TASK DETAILS – Output the listing below verbatim, but drop the images.

PROVIDED ENTRIES –
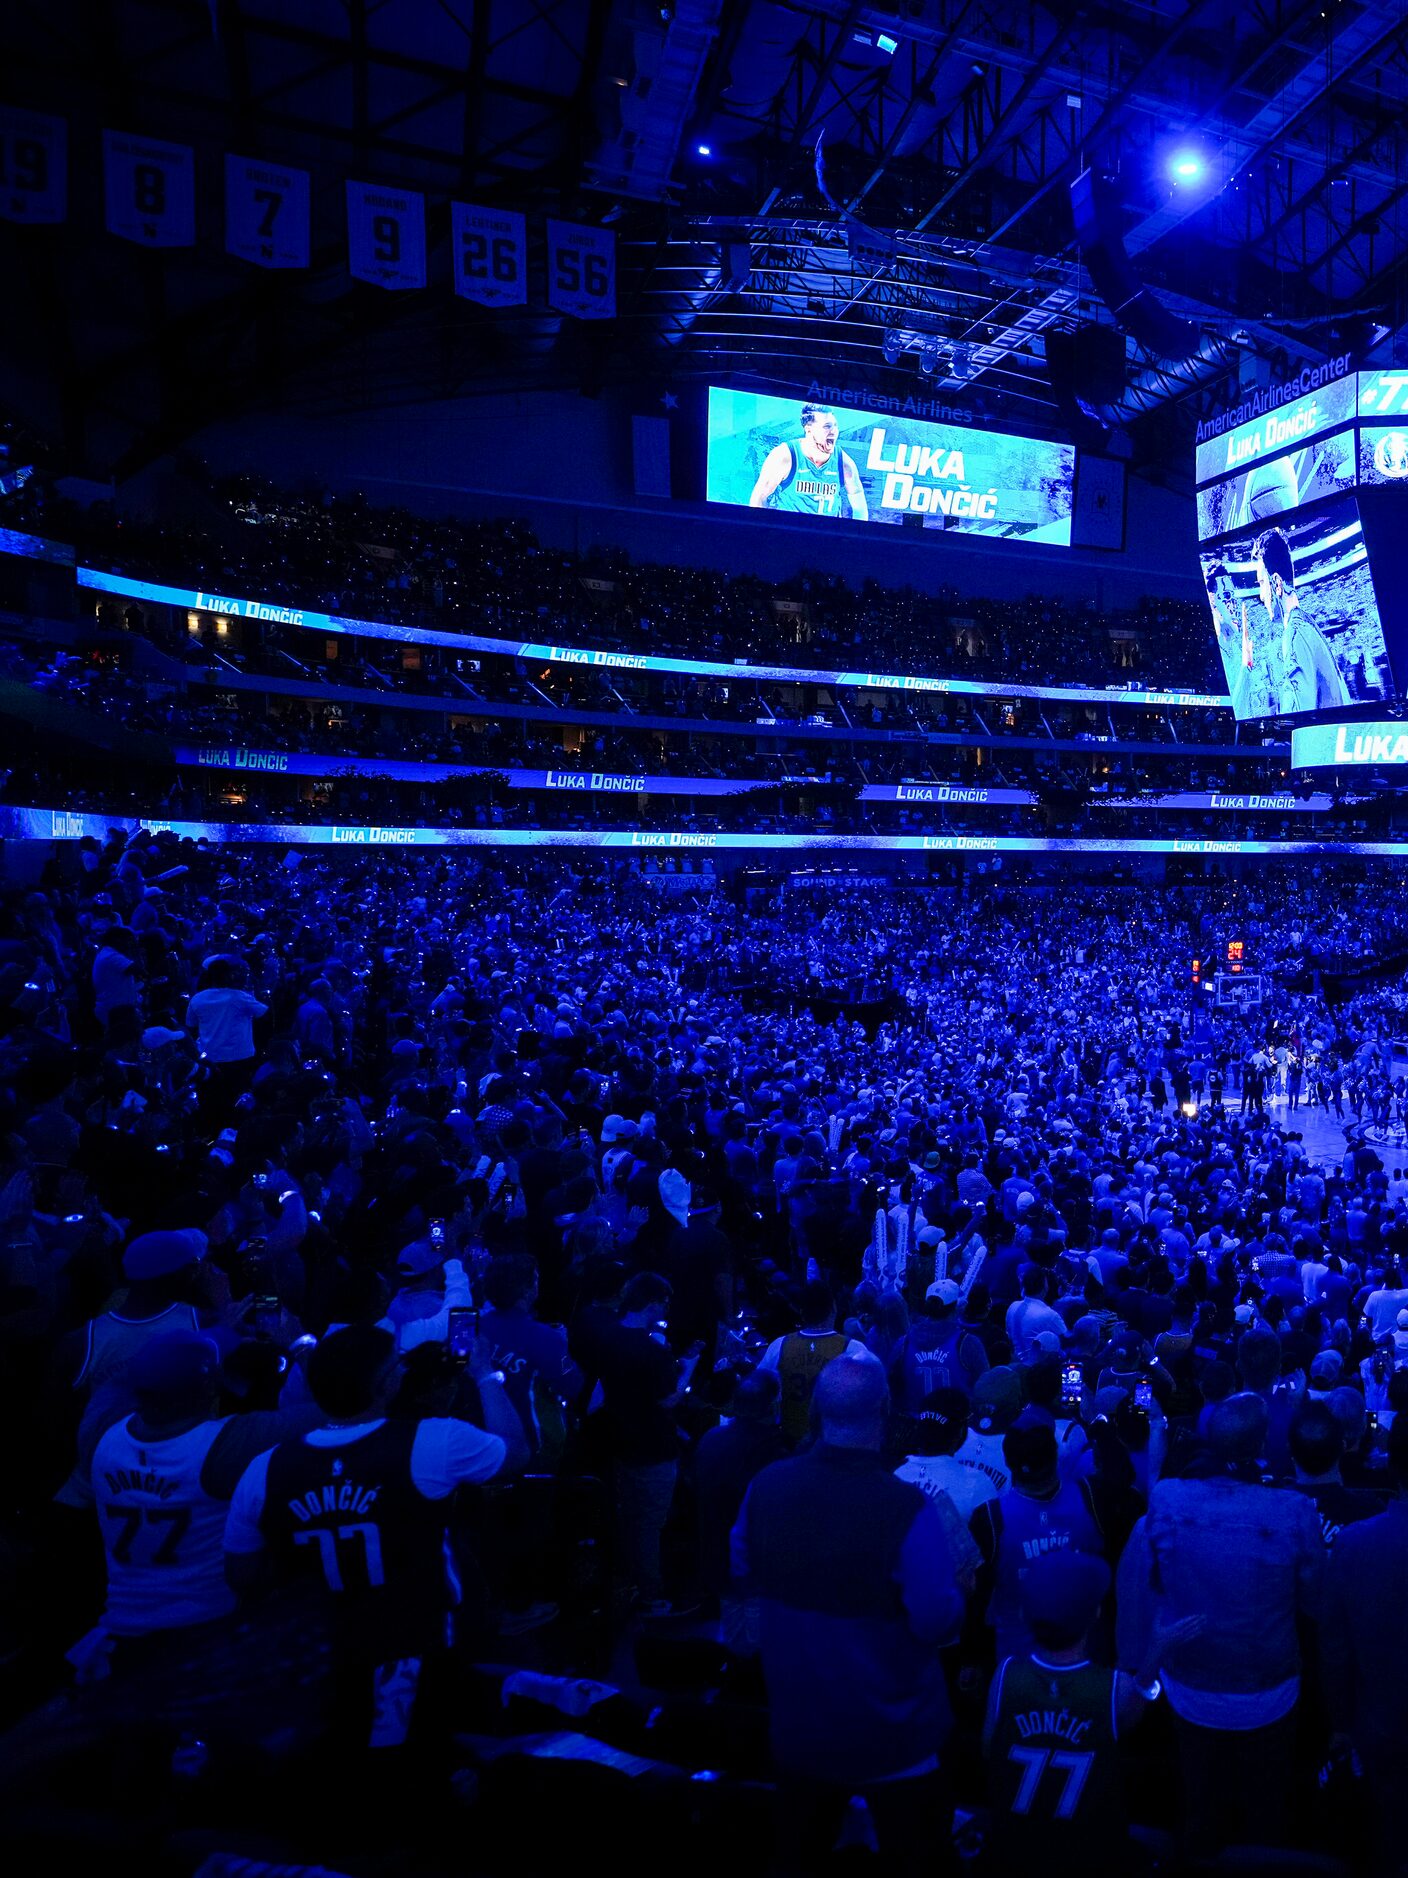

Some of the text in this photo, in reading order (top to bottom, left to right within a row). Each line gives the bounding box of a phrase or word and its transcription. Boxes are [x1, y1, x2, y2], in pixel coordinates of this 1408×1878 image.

[134, 164, 166, 215] 8
[254, 189, 282, 237] 7
[372, 215, 400, 261] 9
[462, 232, 517, 281] 26
[556, 249, 607, 297] 56
[807, 380, 974, 424] American Airlines
[866, 427, 965, 481] LUKA
[1227, 432, 1261, 466] LUKA
[881, 472, 998, 519] DONČIĆ
[196, 592, 239, 616] LUKA
[550, 647, 588, 665] LUKA
[545, 771, 585, 788] LUKA
[896, 785, 932, 800] LUKA
[1211, 794, 1244, 808] LUKA
[332, 826, 364, 842] LUKA
[632, 832, 665, 846] LUKA
[105, 1466, 180, 1500] DONČIĆ
[287, 1480, 383, 1523] DONČIĆ
[105, 1504, 193, 1566] 77
[292, 1522, 387, 1593] 77
[1014, 1707, 1094, 1744] DONČIĆ
[1007, 1743, 1099, 1822] 77
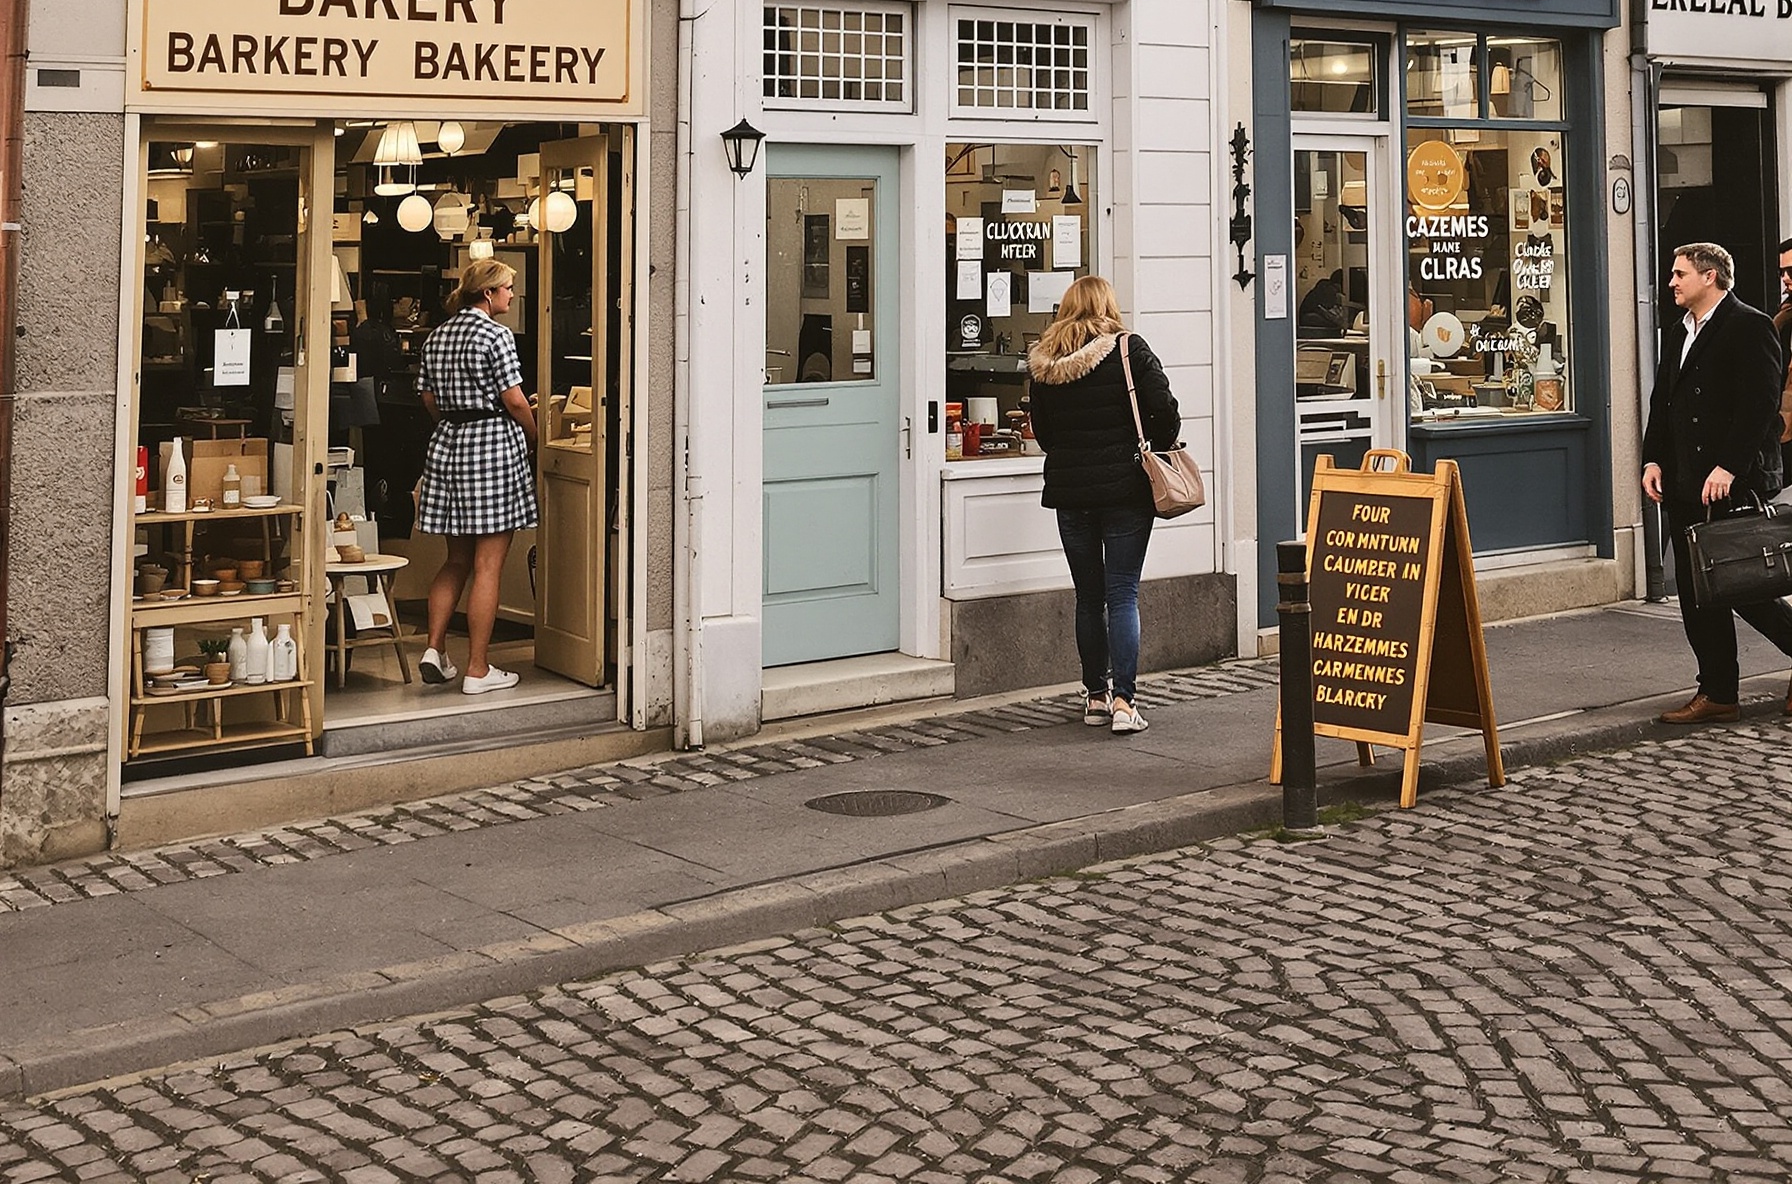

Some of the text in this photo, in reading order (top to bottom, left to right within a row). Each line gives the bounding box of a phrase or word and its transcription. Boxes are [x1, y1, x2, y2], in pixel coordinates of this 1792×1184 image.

[167, 31, 606, 85] BARKERY BAKEERY
[1406, 215, 1489, 238] CAZEMES
[1420, 257, 1483, 280] CLRAS
[1352, 504, 1391, 524] FOUR
[1313, 631, 1409, 659] HARZEMMES
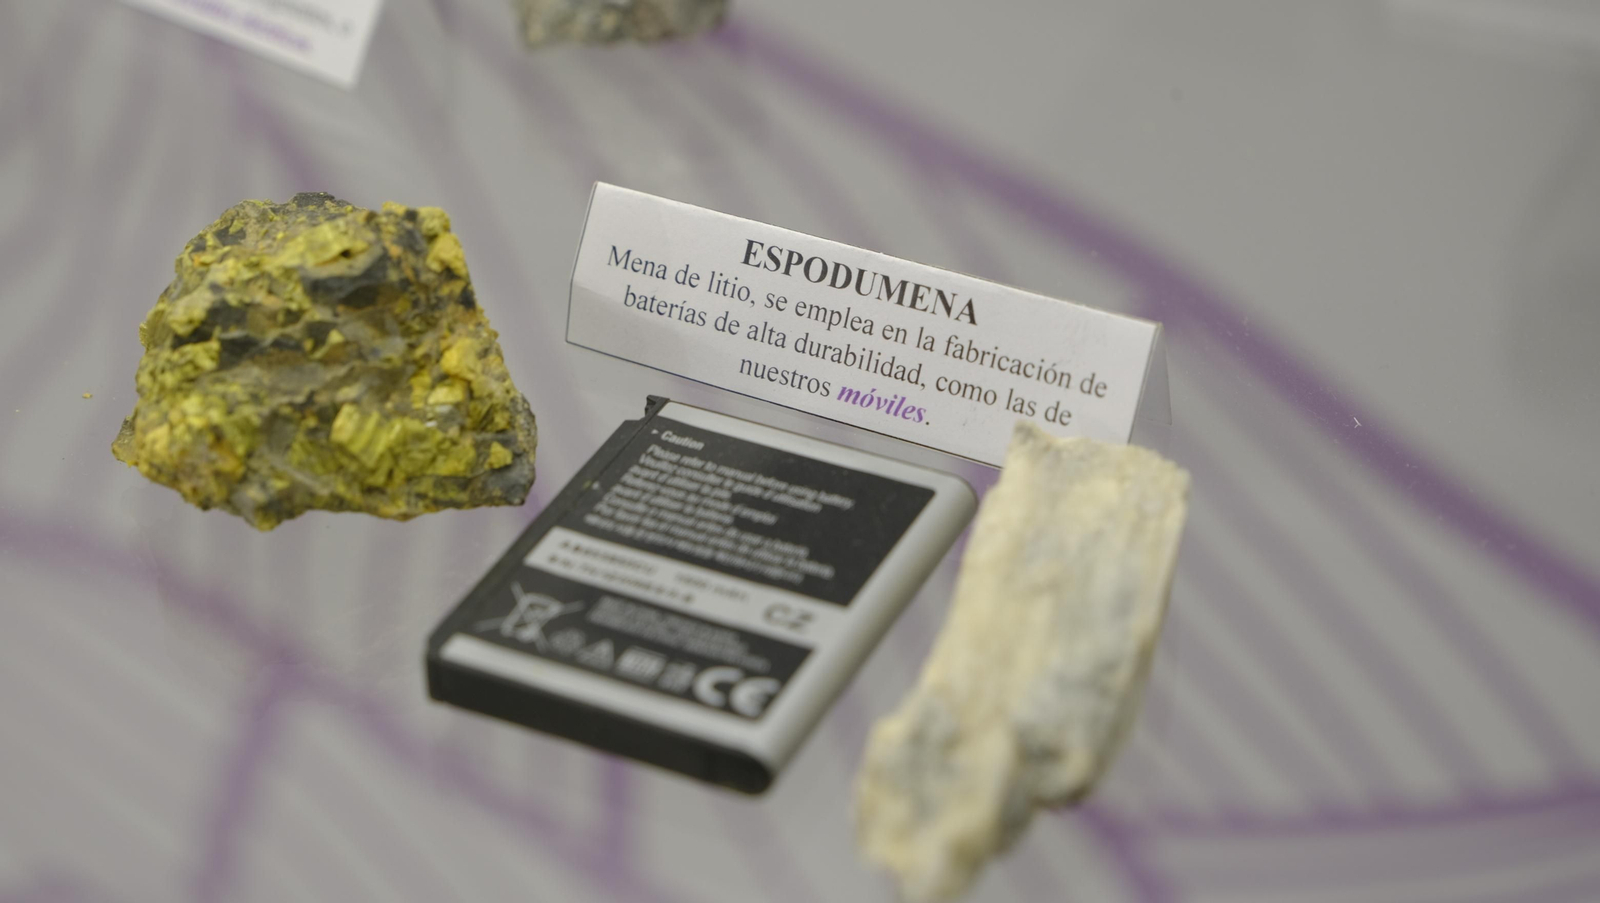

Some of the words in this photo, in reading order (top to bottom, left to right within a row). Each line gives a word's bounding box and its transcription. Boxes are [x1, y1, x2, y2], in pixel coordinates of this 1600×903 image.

[607, 244, 667, 280] Mena
[674, 264, 701, 288] de
[707, 270, 756, 308] litio,
[764, 291, 788, 312] se
[794, 301, 874, 337] emplea
[881, 323, 908, 345] en
[916, 326, 936, 352] la
[943, 334, 1072, 390] fabricación
[1079, 372, 1108, 399] de
[739, 238, 979, 326] ESPODUMENA
[623, 285, 707, 327] baterías
[714, 310, 740, 336] de
[746, 321, 787, 349] alta
[794, 332, 926, 390] durabilidad,
[935, 375, 998, 406] como
[1005, 387, 1037, 418] las
[1044, 400, 1073, 427] de
[738, 358, 832, 398] nuestros
[835, 384, 931, 426] móviles.
[660, 429, 705, 452] Caution

OUTPUT –
Some of the text in this photo, in reading order (top to bottom, left to right within a row). Each line gives the bounding box of a phrase or word and its transcription. Boxes are [x1, y1, x2, y2], in pixel coordinates of this 1408×1878 image.

[134, 164, 166, 215] 8
[254, 189, 282, 237] 7
[372, 215, 400, 261] 9
[462, 232, 517, 281] 26
[556, 249, 607, 297] 56
[807, 380, 974, 424] American Airlines
[866, 427, 965, 481] LUKA
[1227, 432, 1261, 466] LUKA
[881, 472, 998, 519] DONČIĆ
[196, 592, 239, 616] LUKA
[550, 647, 588, 665] LUKA
[545, 771, 585, 788] LUKA
[896, 785, 932, 800] LUKA
[1211, 794, 1244, 808] LUKA
[332, 826, 364, 842] LUKA
[632, 832, 665, 846] LUKA
[105, 1466, 180, 1500] DONČIĆ
[287, 1480, 383, 1523] DONČIĆ
[105, 1504, 193, 1566] 77
[292, 1522, 387, 1593] 77
[1014, 1707, 1094, 1744] DONČIĆ
[1007, 1743, 1099, 1822] 77

Some of the text in this photo, in reading order (top to bottom, left to right within a row). Each line gives the bounding box of a phrase or word and its transcription. Boxes are [x1, y1, x2, y2], in pixel coordinates of this 1792×1184 image.

[167, 31, 606, 85] BARKERY BAKEERY
[1406, 215, 1489, 238] CAZEMES
[1420, 257, 1483, 280] CLRAS
[1352, 504, 1391, 524] FOUR
[1313, 631, 1409, 659] HARZEMMES

Some of the words in this photo, in reading order (top to bottom, left to right within a row). Each line gives a word's bounding box and its transcription. Boxes are [x1, y1, x2, y2], in pixel coordinates of this 1600×903 image.

[607, 244, 667, 280] Mena
[674, 264, 701, 288] de
[707, 270, 756, 308] litio,
[764, 291, 788, 312] se
[794, 301, 874, 337] emplea
[881, 323, 908, 345] en
[916, 326, 936, 352] la
[943, 334, 1072, 390] fabricación
[1079, 372, 1108, 399] de
[739, 238, 979, 326] ESPODUMENA
[623, 285, 707, 327] baterías
[714, 310, 740, 336] de
[746, 321, 787, 349] alta
[794, 332, 926, 390] durabilidad,
[935, 375, 998, 406] como
[1005, 387, 1037, 418] las
[1044, 400, 1073, 427] de
[738, 358, 832, 398] nuestros
[835, 384, 931, 426] móviles.
[660, 429, 705, 452] Caution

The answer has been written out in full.